I don't see it this way, based on what clients I've dealt with are primarily doing.

Yes, some could benefit due to sharing devices between field work and their workstations (i.e. location shooting using a camera, laptop, and portable disks, and editing that content back at the office on their MP's). But this is currently a small % from what I'm seeing (those that get their own location data).

But overall, it's more interest in a new product than actual need from what I've seen and discussed.

My reasoning, is that most apparently get that content sent to them from the client, and connect to it on a more common interface, such as eSATA or FW800.

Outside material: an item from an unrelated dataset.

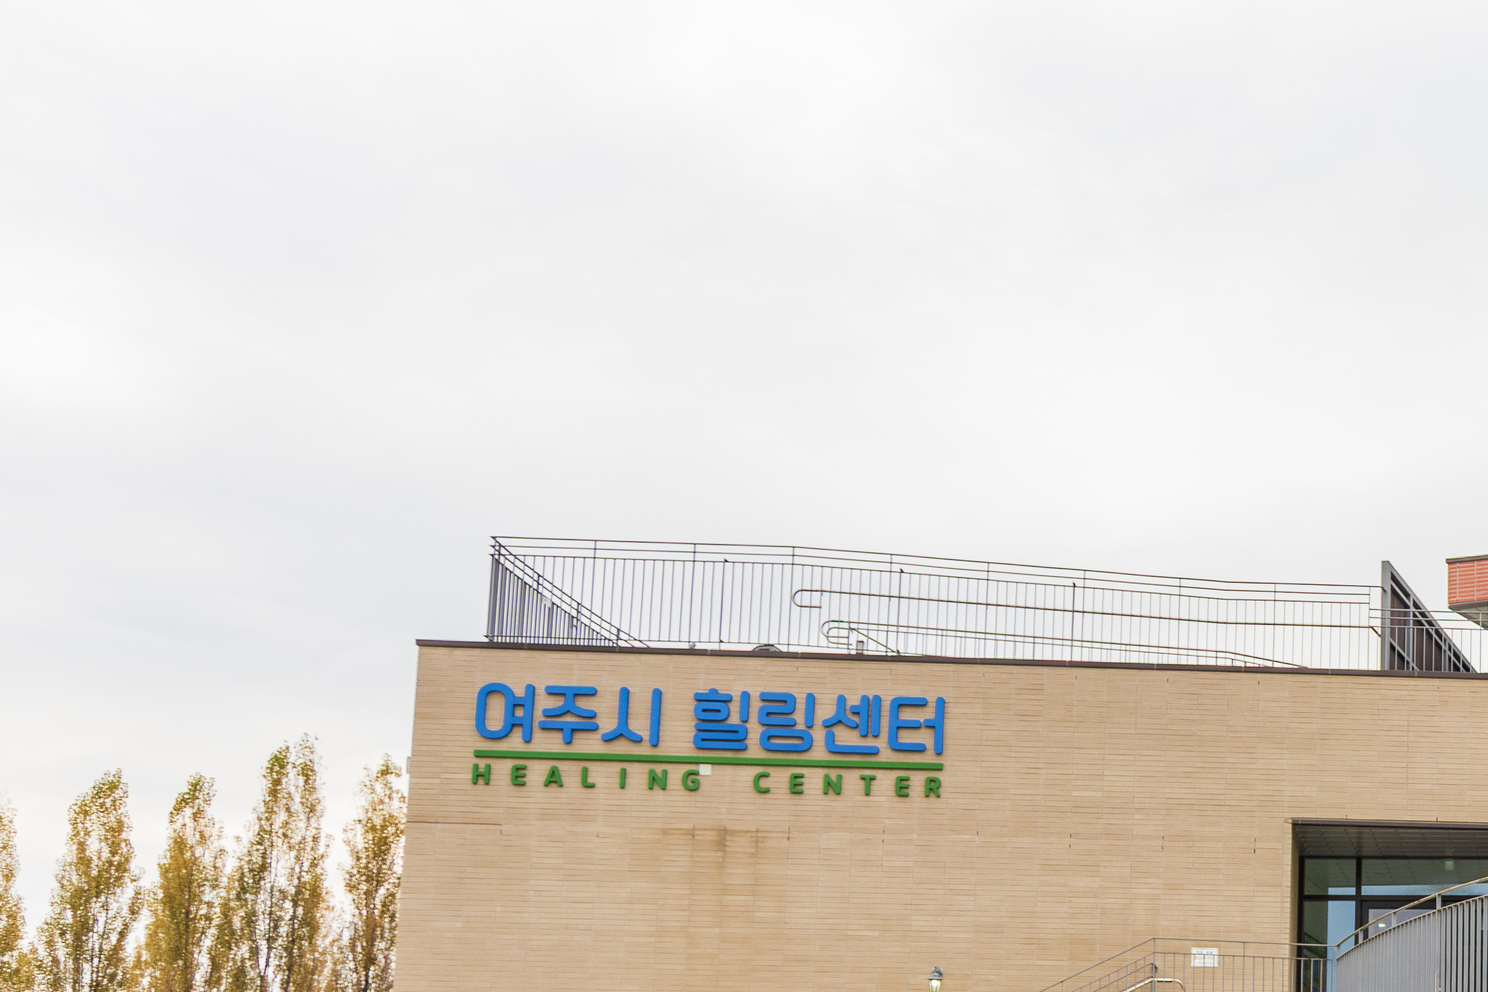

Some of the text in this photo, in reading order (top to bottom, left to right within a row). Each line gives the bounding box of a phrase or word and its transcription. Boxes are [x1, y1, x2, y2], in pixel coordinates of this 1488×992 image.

[474, 682, 946, 755] 여주시 힐링센터
[472, 762, 942, 798] HEALING CENTER

Obviously this could change, but that will take time (needs further market saturation/increased adoption levels), assuming this isn't displaced by by other technology, such as 100Mb/s or better ISP plans in pretty much any location (same cost or less than what they may be paying for 1.5Mb/s or so for example; figuring on a 10x fold increase in throughput with little to no cost increase).
 
...The BIG concern about direction is that Apple is 80/20% the professionals back in to Windows systems. They keep dropping features that only 20% of people use, but combined those features end up being used by 80% of the professional users.

This is the big concern I see. Debating how 'necessary' something like TB or USB3 is ... misses the point: each one is merely YA symptom of a larger problem.